Kiki needs to help Gary find out what’s happening on a hostile planet. Also, she’s a cat. Did you expect that? We didn’t either, but here’s our Gato Roboto review.
Long uninspired games can be easily forgotten, but short creative ones will linger in our minds forever. Back in the day, games were small in size yet enjoyable at their fullest. This also goes to one of my favourite video game genres: metroidvanias. I believe that the perfect title of this genre has to be greatly crafted, memorable and something that encourages replayability. My last year’s GOTY checked all these points, but now it’s 2019 and I think I found my personal of Game of this Year. You want to know why? Well, make sure to spit that hairball and get ready to take a look at this Gato Roboto review.
Ground control to Meow-yor Tom
Doinksoft announced this cute beast back in 2018. Since then, they’ve been slightly silent in terms of visual material. The occasional gifs here and there, a cute concept art of our main feline friend Kiki… From that point on, this studio wanted to show one important thing about them: this is going to be a surprise for everyone. And oh boy, what a pleasant surprise indeed.
In Gato Roboto, we control the little kitten known as Kiki. Alongside with his owner Gary, they crash on a forgotten planet that held a research facility surrounded by mystery. As poor Captain Gary is injured, he makes Kiki investigate what’s going on in this hostile land. This may remind some people of another title with the slight same premise involving zombies instead of cute cats. However, crashing into planets is a common Sci-Fi trope, so don’t overthink about it like some other websites tend to do. But what makes Gato Roboto unique? Three simple things: level design, music, and charm.
Zebes Pocket Edition
As stated earlier, Gato Roboto is a Metroidvania. Thus, backtracking levels with improved gear is a must. However, Roboto stands out better than other titles as it doesn’t meander with a dull plot, cutscenes or eternal dialogue boxes in order to show you what’s going on right in front of you. The game teaches the player as you play with its level structure and obstacle layout. There’s no pop-up addressing how spikes hurt you or something cannot be explored yet. And this may sound like a no-brainer, but allow me to ask you: in 2019, how many games have told you what to do or how to progress constantly with objective markers and maps filled with filler content? Exactly.
The planet we explore on Gato Roboto may be small in size, but its ability to feel challenging while fair as well as rewarding constantly for exploring makes it up for its depth. We have platforming challenges, interesting improvements and even unlockable features that can be obtained via other unlockables! Everything feels worth finding it, and that’s a plus on my book.
8-bit charming Techno purr-fection
If you want to play a game with a soundtrack so damn catchy it will make you sway your head until your neck falls off, Gato Roboto is also your title. The compositions of Britt Brady are one of the most upbeat tracks that I’ve heard in quite a while.

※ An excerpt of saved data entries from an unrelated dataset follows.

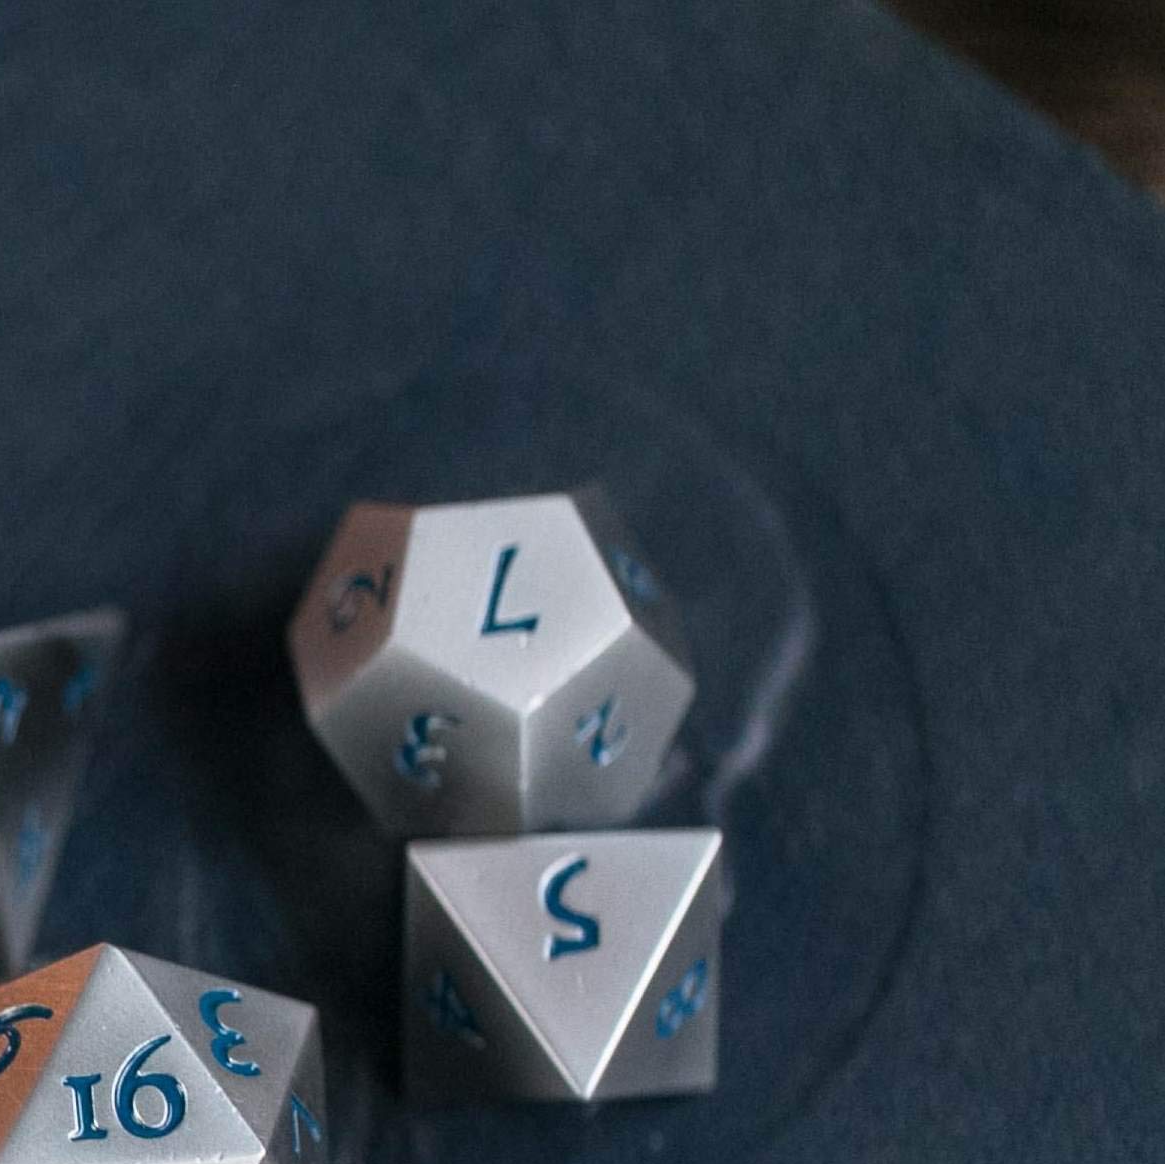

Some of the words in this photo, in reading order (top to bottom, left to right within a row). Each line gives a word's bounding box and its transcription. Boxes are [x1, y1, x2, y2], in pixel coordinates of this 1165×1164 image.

[481, 545, 540, 636] 7
[198, 988, 263, 1078] 3
[62, 1033, 189, 1141] 16
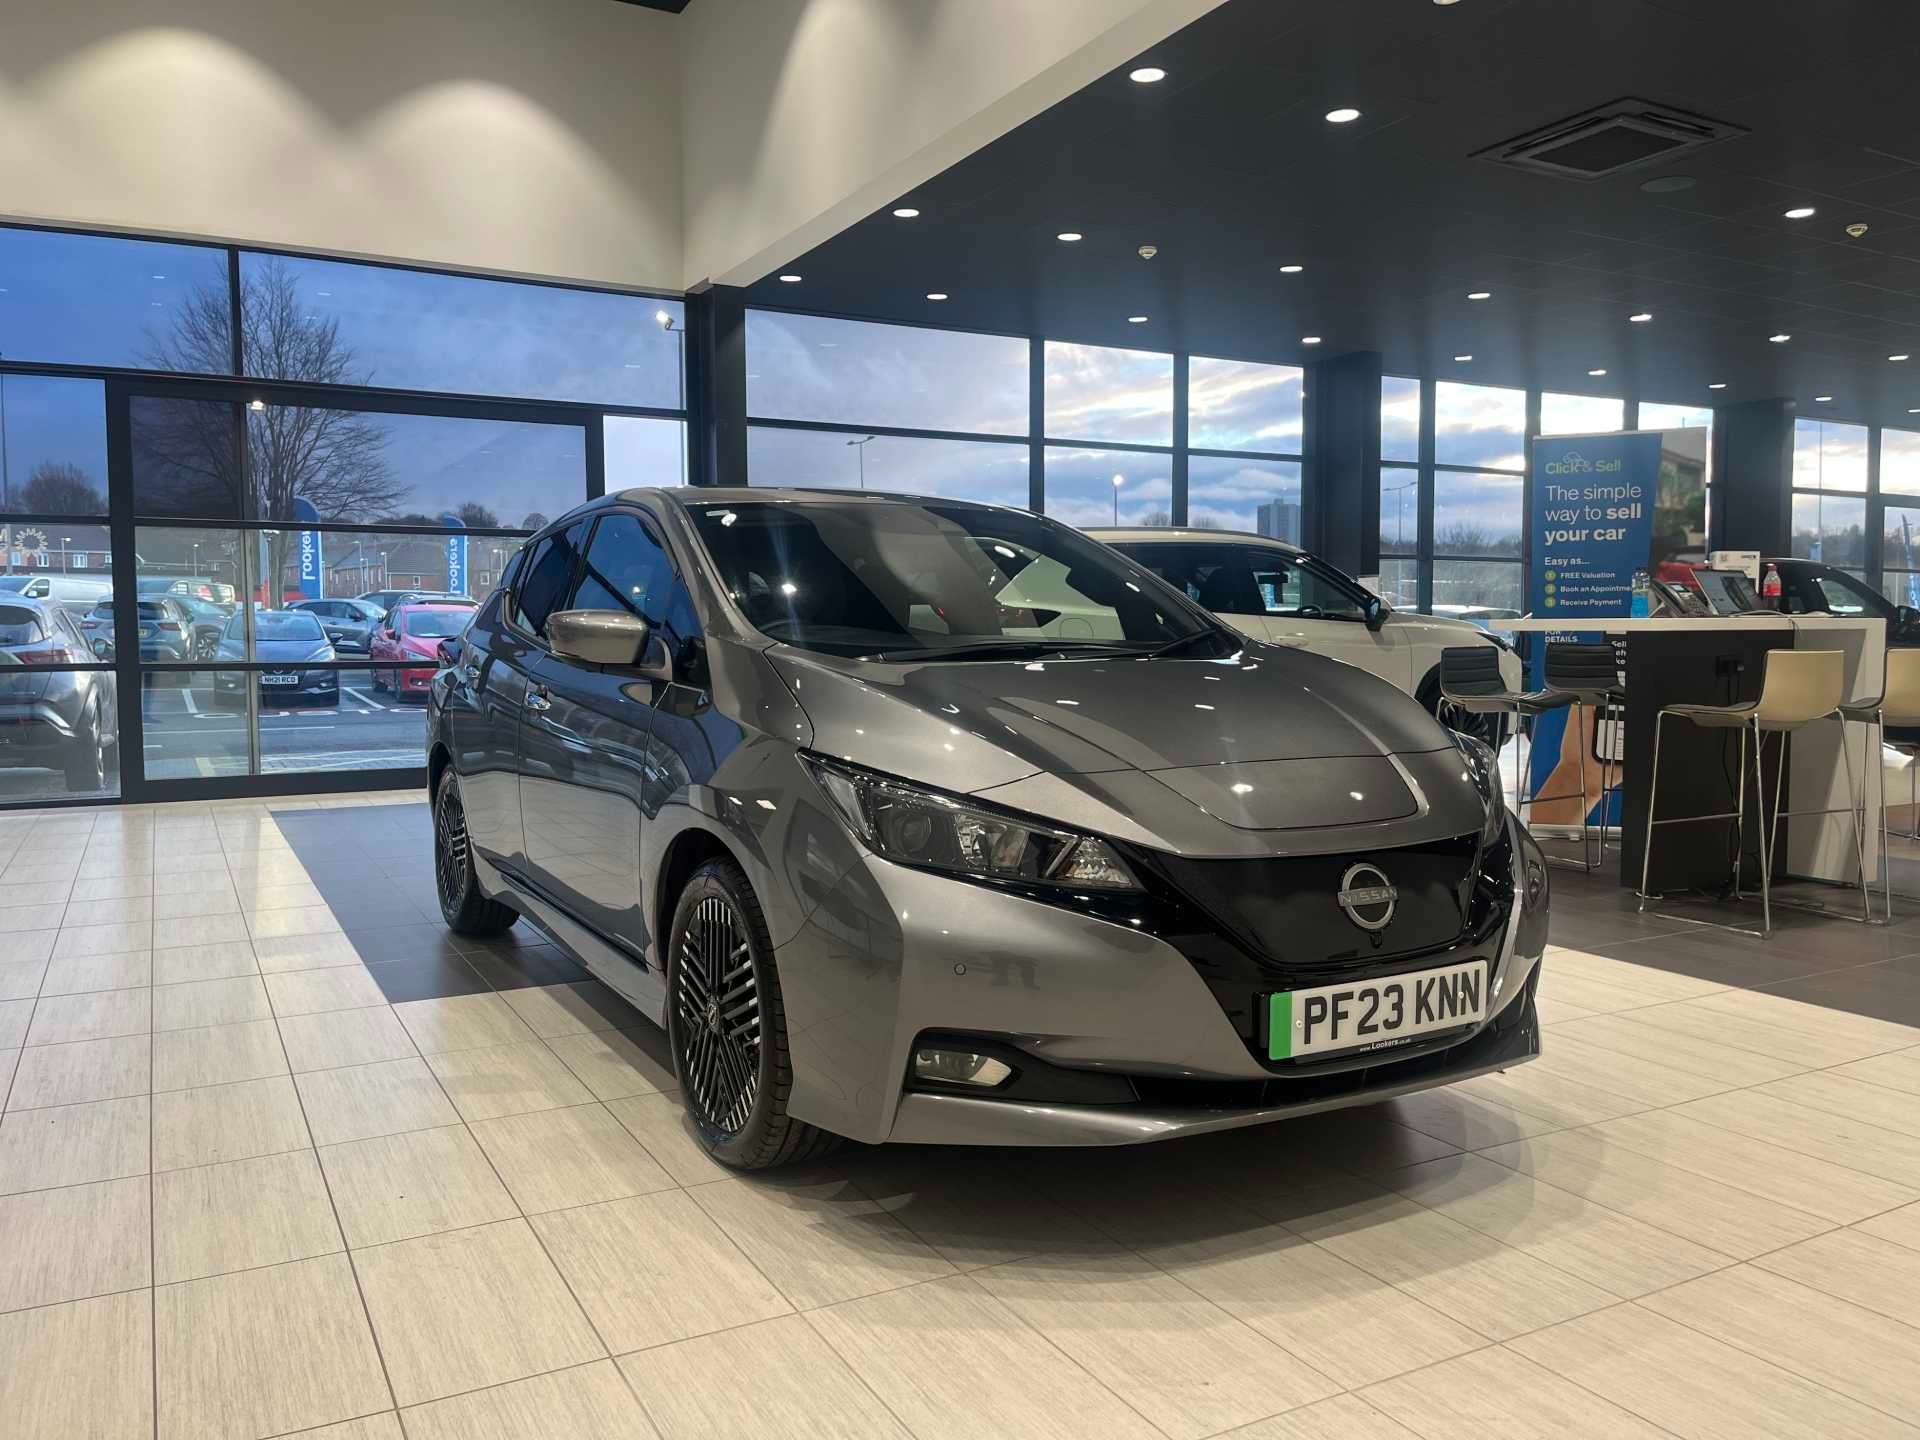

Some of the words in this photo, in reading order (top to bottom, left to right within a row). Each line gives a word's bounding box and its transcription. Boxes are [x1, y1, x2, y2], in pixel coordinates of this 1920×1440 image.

[1545, 460, 1582, 474] Click
[1595, 459, 1622, 472] Sell
[1545, 485, 1580, 501] The
[1583, 482, 1642, 503] simple
[1545, 508, 1580, 525] way
[1584, 504, 1602, 520] to
[1606, 503, 1642, 519] sell
[1544, 528, 1590, 546] your
[1593, 527, 1627, 541] car
[1544, 556, 1569, 567] Easy
[1560, 571, 1581, 579] FREE
[1582, 571, 1616, 579] Valuation
[1560, 585, 1578, 593] Book
[1590, 585, 1632, 595] Appointme
[1589, 598, 1623, 607] Payment
[1544, 635, 1579, 644] DETAILS
[1341, 887, 1397, 906] NISSAN
[1304, 983, 1404, 1045] PF23
[1415, 969, 1480, 1025] KNN

The rush of adrenaline, tension and the good old feeling of kicking ass is always present while we are exploring this black and white world. If I had to say something about this game, that would be the SFX. Don’t get me wrong, they are great, but I suggest you lower them and crank the music up to 100%. You’ll thank me later, don’t worry.

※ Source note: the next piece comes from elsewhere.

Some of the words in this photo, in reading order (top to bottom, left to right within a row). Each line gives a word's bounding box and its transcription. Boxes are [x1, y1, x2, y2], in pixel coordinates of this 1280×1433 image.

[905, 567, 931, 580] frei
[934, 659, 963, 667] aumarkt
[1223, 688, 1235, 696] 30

But music is not everything without a nice visual representation, and the minimalistic design of Roboto works wonders with this 8-bit format. The contrast of a dark background with the white buildings, rocks, and enemies we face in this adventure sure makes everything stand out nicely. These two elements work together at the same time in some sections, where your footsteps and your abilities are used in a rhythmical fashion which I want to believe was intentional.

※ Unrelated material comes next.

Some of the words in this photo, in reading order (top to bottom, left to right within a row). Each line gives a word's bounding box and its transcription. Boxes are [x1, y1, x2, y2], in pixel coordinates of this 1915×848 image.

I think I have to address the biggest issue some people may have with Gato Roboto: its duration. I’ll be honest: this game is short, REALLY short. I finished it in 2 and a half hours with an 87% completion rate, and 2 hours with a 97% completion rate on my second playthrough. Hell, there’s an achievement that wants you to beat the game in less than an hour. But now I have to talk about why this is not an issue for me, but a great callback to the classics instead.
How much would it take you to beat the original Castlevania nowadays? Or what about Super Metroid? Old titles are usually praised for its level design, its fun factor and how good it sounds, but you won’t hear many people addressing their length as something negative. I mean, you can beat the original Castlevania (and plenty other Classicvanias) in around an hour or so. The same thing goes to Metroid, which encouraged players to go fast in order to get the best ending. And that’s the last thing about Gato Roboto that I wanted to share in this review: the passion for old gaming times that the developers behind this cute title wanted to share with everyone.